Born in London in 1867, Allen Seaby came to Reading initially as a newly-qualified teacher. Five years later, in 1892, he began taking evening classes at the Reading School of Art. Passing his art examinations with flying colours, Seaby was appointed lecturer in the School of Art, which would be incorporated into University College Reading. He was made Professor of Art at University College Reading in 1910. The following year, Percy Ure was appointed Professor of Classics and Annie Hunt started her studies in classics at University College Reading.

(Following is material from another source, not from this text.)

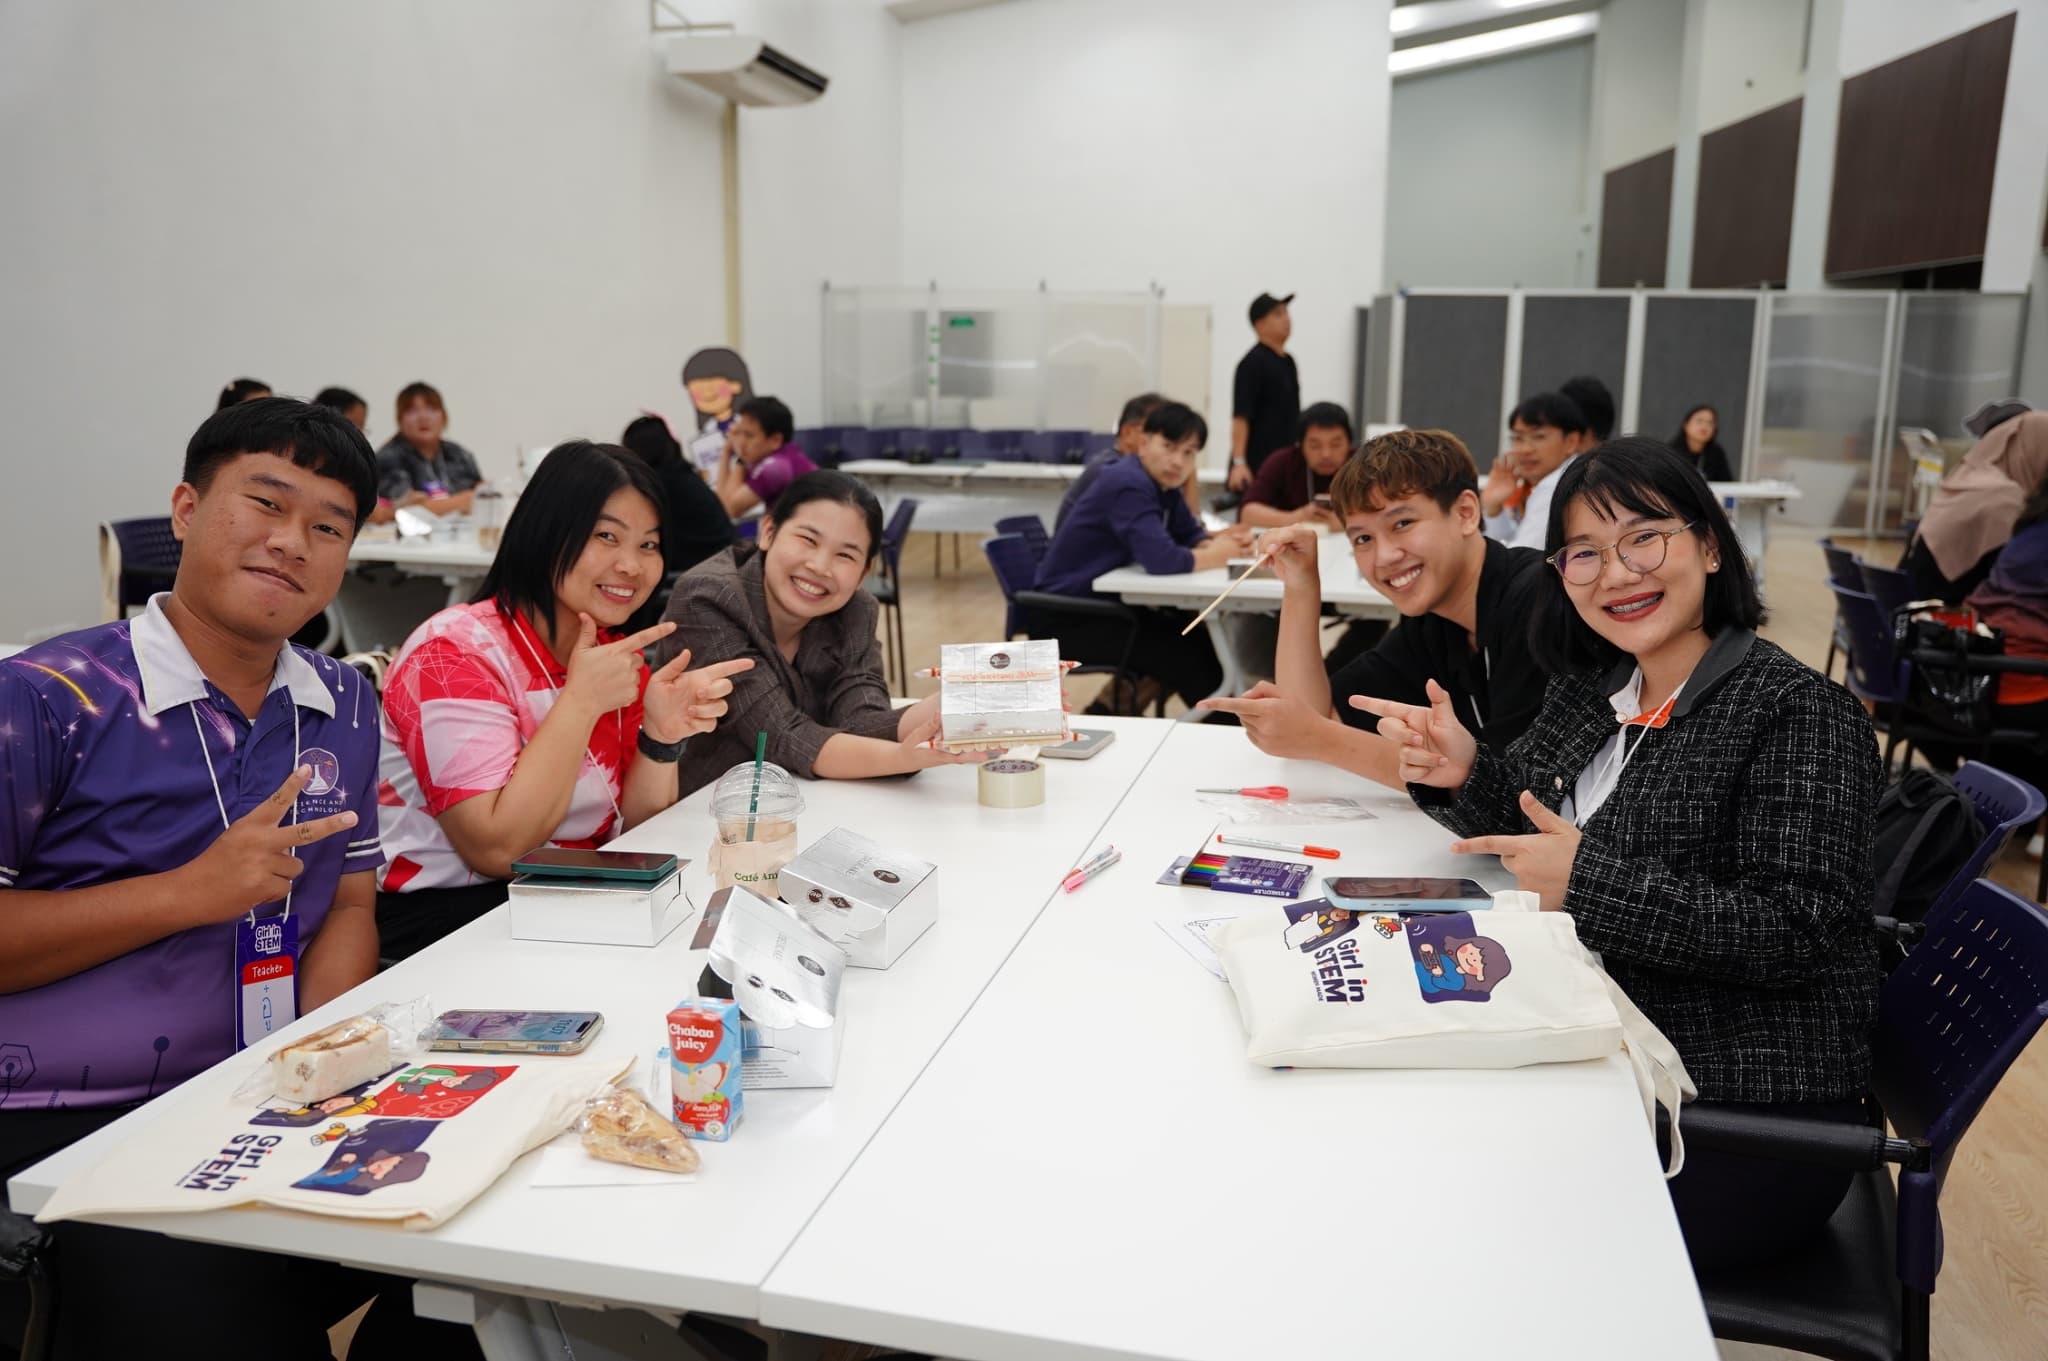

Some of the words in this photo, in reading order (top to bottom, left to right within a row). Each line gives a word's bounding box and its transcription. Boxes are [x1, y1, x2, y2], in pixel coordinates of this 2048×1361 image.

Newspaper cutting books from the period in the University History Collection, held in Special Collections, offer further details of Seaby’s activities.  When Princess Louise, Queen Victoria’s daughter (and a trained artist and sculptor) visited the exhibition of Reading Handicraft Guild in 1911, she saw prominently displayed a large group of Seaby’s colour prints made with Japanese-style woodblock, a technique that would make his name.

In this early stage of his Professorship, Seaby’s lecture series at University College Reading were highlighted in the newspapers. They lauded the wide range of his knowledge of art and its history.  As Professor of Art, Seaby was also Chairman of the Executive Committee of the Arts Club.  His art was displayed in the Art Club’s annual exhibitions along with work by his students (these exhibitions were open to local artists outside the University as well), spread over two rooms in the Department.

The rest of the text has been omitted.